I’ve been thinking about the Beatitudes recently. Luke’s version sounds simpler and thus more original. ‘Blessed are the poor, the hungry and those who weep’.  After his baptism we are told that Jesus was led into the wilderness for a time.  He must have been poor: there’s no indication in the Gospels that he ever earned his living and he’d squandered his inheritance. So he knew what poverty was, and he must have wondered as he pondered the call he heard at his baptism, ‘how is this going to be funded?’   He must also have known hunger in the wilderness: there was no food to be found there. Its not difficult to imagine that he spent time weeping there too: both tears of repentance at his attempts to avoid God, and tears of joy at knowing himself forgiven. The temptations that we are told that he faced there speak to these words too. The temptation to rule the world and become rich, to turn stones into bread to release his hunger, and to call on God to perform a miracle as outward proof of his forgiven and accepted status.  So Jesus knew all about the realities of poverty, hunger and sadness. He also knew, from experience, that they were the source of blessing for him.  So he was able to speak the Beatitudes from deep personal experience. I suspect much of his teaching came from the same source.

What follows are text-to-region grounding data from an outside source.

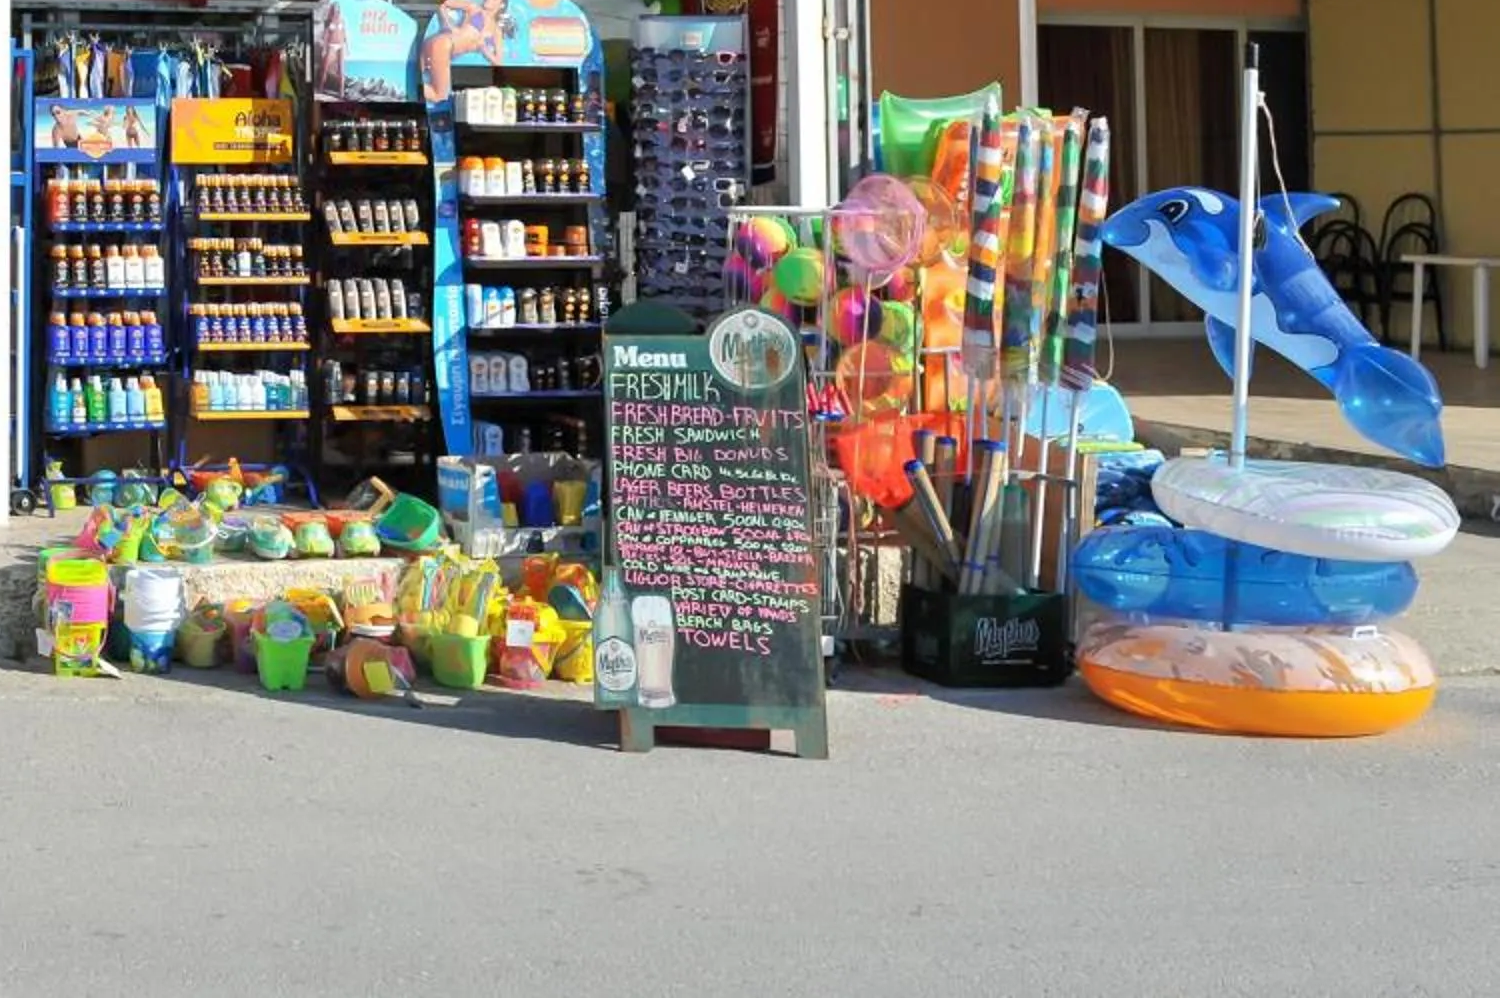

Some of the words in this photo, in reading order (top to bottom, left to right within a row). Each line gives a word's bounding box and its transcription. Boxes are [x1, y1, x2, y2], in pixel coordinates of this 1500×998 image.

[613, 345, 688, 368] Menu
[610, 402, 667, 427] FRESH
[611, 426, 664, 444] FRESH
[674, 428, 760, 444] SANDWICH
[611, 445, 667, 462] FRESH
[612, 461, 666, 479] PHONE
[671, 464, 713, 481] CARD
[613, 478, 661, 496] LAGER
[667, 481, 713, 499] BEERS
[719, 483, 807, 503] BOTTLES
[671, 587, 706, 602] POST
[676, 613, 723, 630] BEACH
[677, 628, 771, 656] TOWELS

Why do I think all this is so important?  

I believe that ‘the God Whom we already know’ is the God whom Jesus of Nazareth knew.  

I believe that what John’s Gospel says about Jesus, namely that he was with God from the beginning, that he laid that down to be born as a human being, and was then returned to God at his death, all that is also true of each of us too. 

I believe that Jesus of Nazareth/the Risen Lord/the Cosmic Christ has shown us that this is true, and that this is the core of the Good News of the Gospel. 

I believe that we are called to imitate Jesus of Nazareth, by heeding whatever God calls us to be and do, as he did, by trusting our own experience of God as he did, by trusting the Risen Lord to guide and uphold us, and by trusting that the Cosmic Christ is present in everyone and everything we meet .     

What’s different about Jesus of Nazareth, is his calling, his vocation. Each of us has a distinctive vocation from God that no-one else has. Jesus had a distinctive vocation and fulfilled it. So do each of us, and our task is to fulfil it as well as we are able.